Let me know if it still doesn't work after that, and don't worry about asking "is it plugged in" questions. With this stuff there's no such thing :-)

GeneStark commented 10 years ago

Ben, sorry to bother you again, but I just upgraded my laptop to Ubuntu 14.04 and after checking out the 14.04 branch of your driver, building and installing, I got a panic on reboot. I had to reinstall the linux-image-extra module to overwrite the bad binaries.

Any ideas? The laptop is a 64-bit CPU.

                            - Gene Stark

On 05/28/2014 10:38 AM, FreedomBen wrote:

@GeneStark https://github.com/GeneStark Did your CRDA settings get reset? I've noticed that happens sometimes when Ubuntu kernel updates get installed. Try setting your CRDA regulatory domain to Bolivia and then set the Tx power to 33 and see if it works:

|sudo iw reg set BO| |sudo iwconfig txpower 33|

Let me know if it still doesn't work after that, and don't worry about asking "is it plugged in" questions. With this stuff there's no such thing :-)

— Reply to this email directly or view it on GitHub https://github.com/FreedomBen/rtl8188ce-linux-driver/issues/6#issuecomment-44414850.

FreedomBen commented 10 years ago

Gene,

Sorry I just saw your comment about the kernel panic.

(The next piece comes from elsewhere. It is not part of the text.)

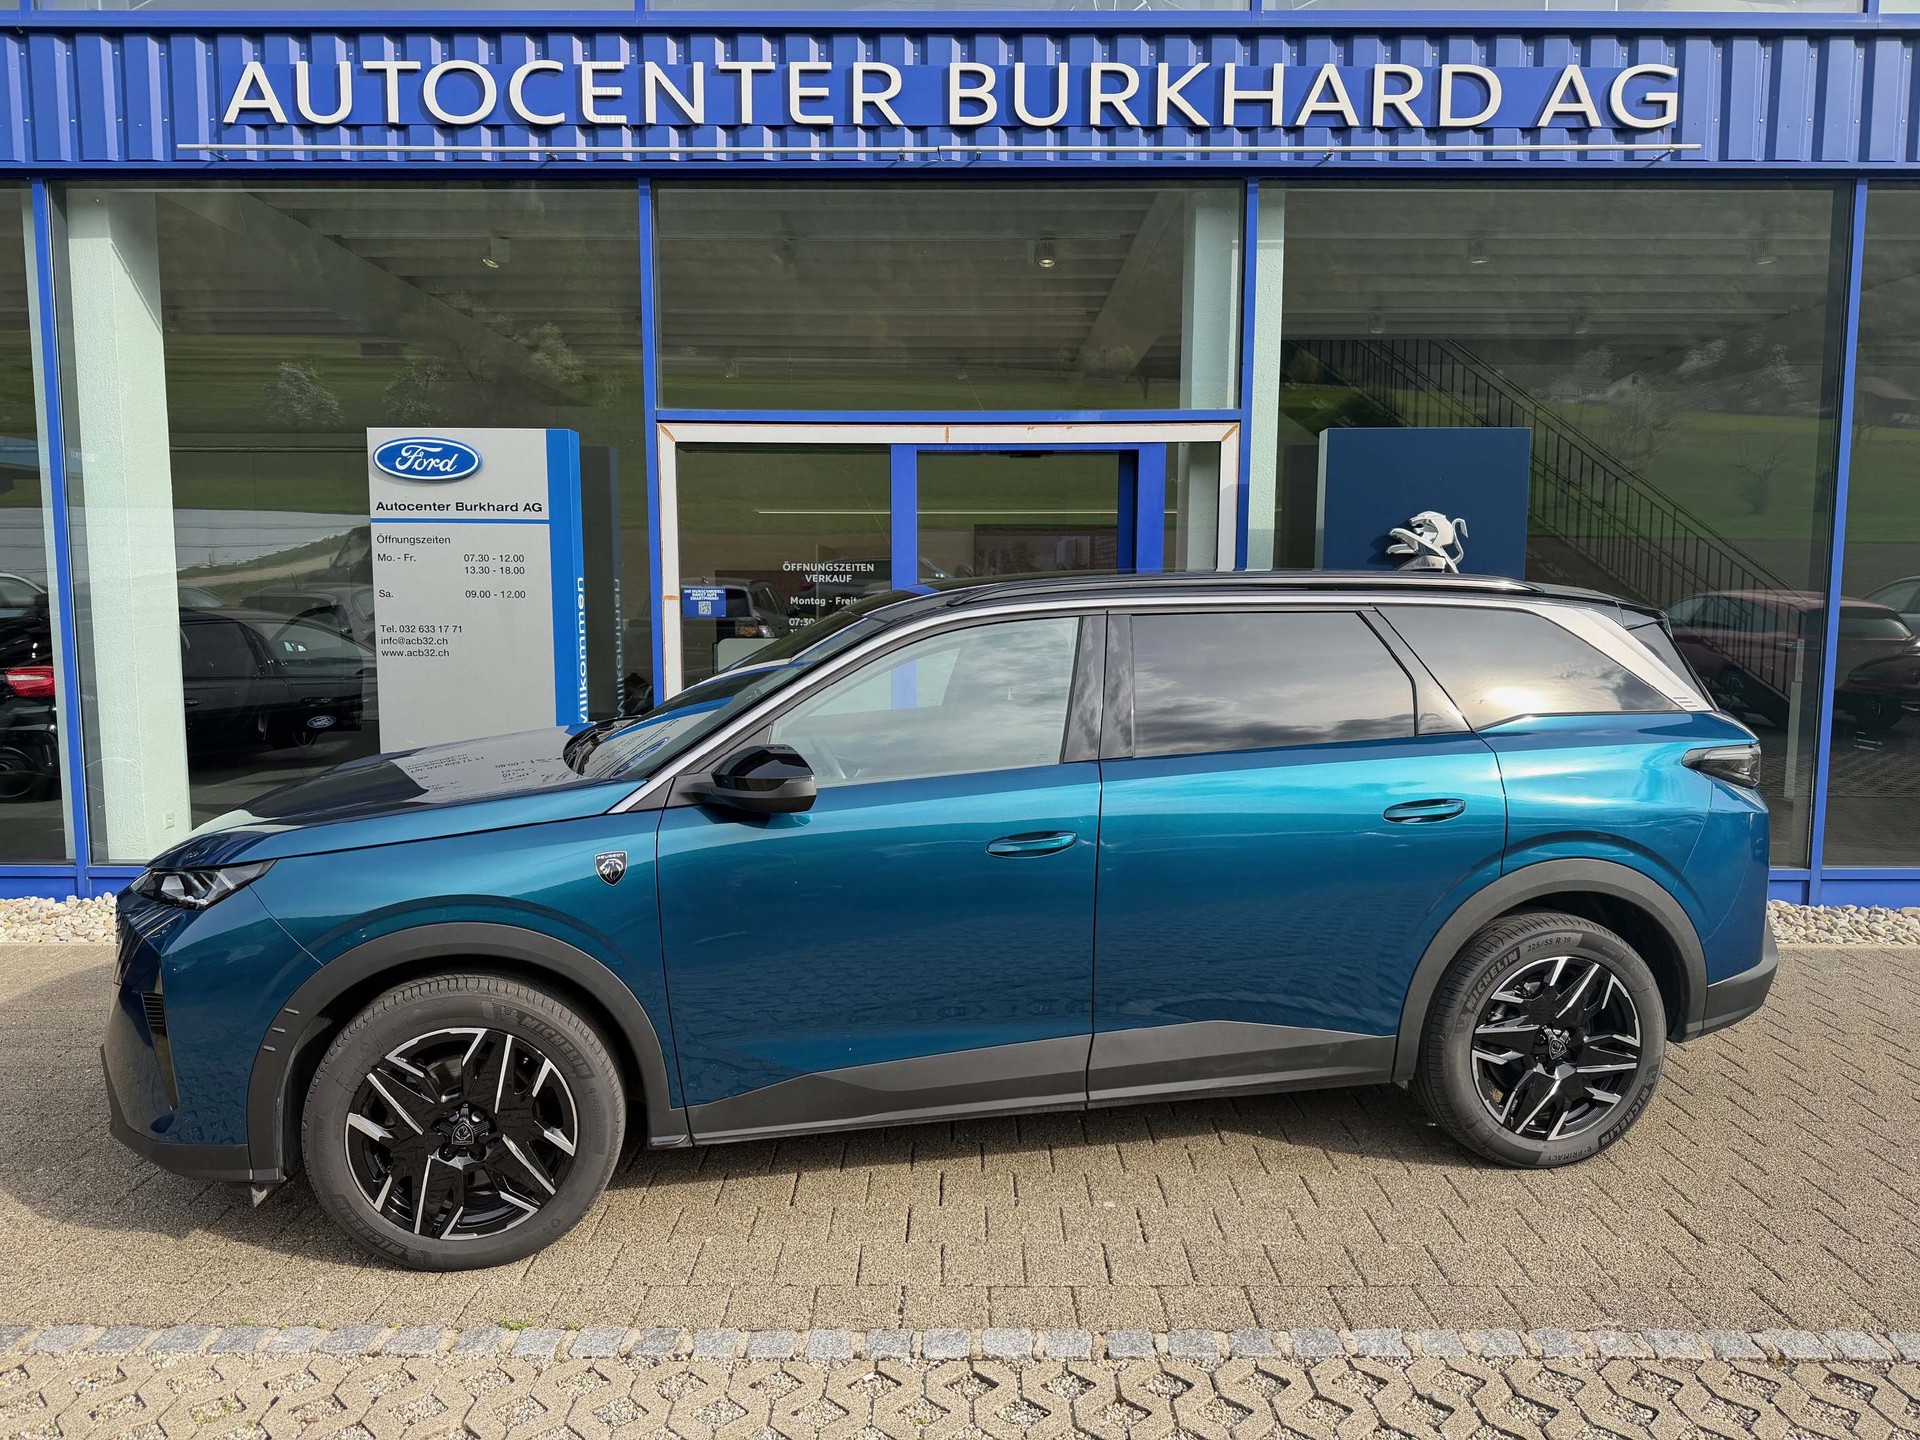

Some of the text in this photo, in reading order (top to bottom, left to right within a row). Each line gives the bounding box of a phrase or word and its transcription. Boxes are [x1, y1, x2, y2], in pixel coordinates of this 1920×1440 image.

There was an issue with a kernel panic that I thought was fixed by a58d474. There were also some changes brought down from the 3.14.4 kernel that might be triggering something weird. You could try installing the ubuntu-14.04-legacy

You may try installing the ubuntu-14.04-legacy branch and see if that works better. That branch was created right before pulling down the changes from 3.14.4, so it may be what you were using previously.

My laptop motherboard just died so I don't have any hardware to test on right now, but hopefully we can get this figured out.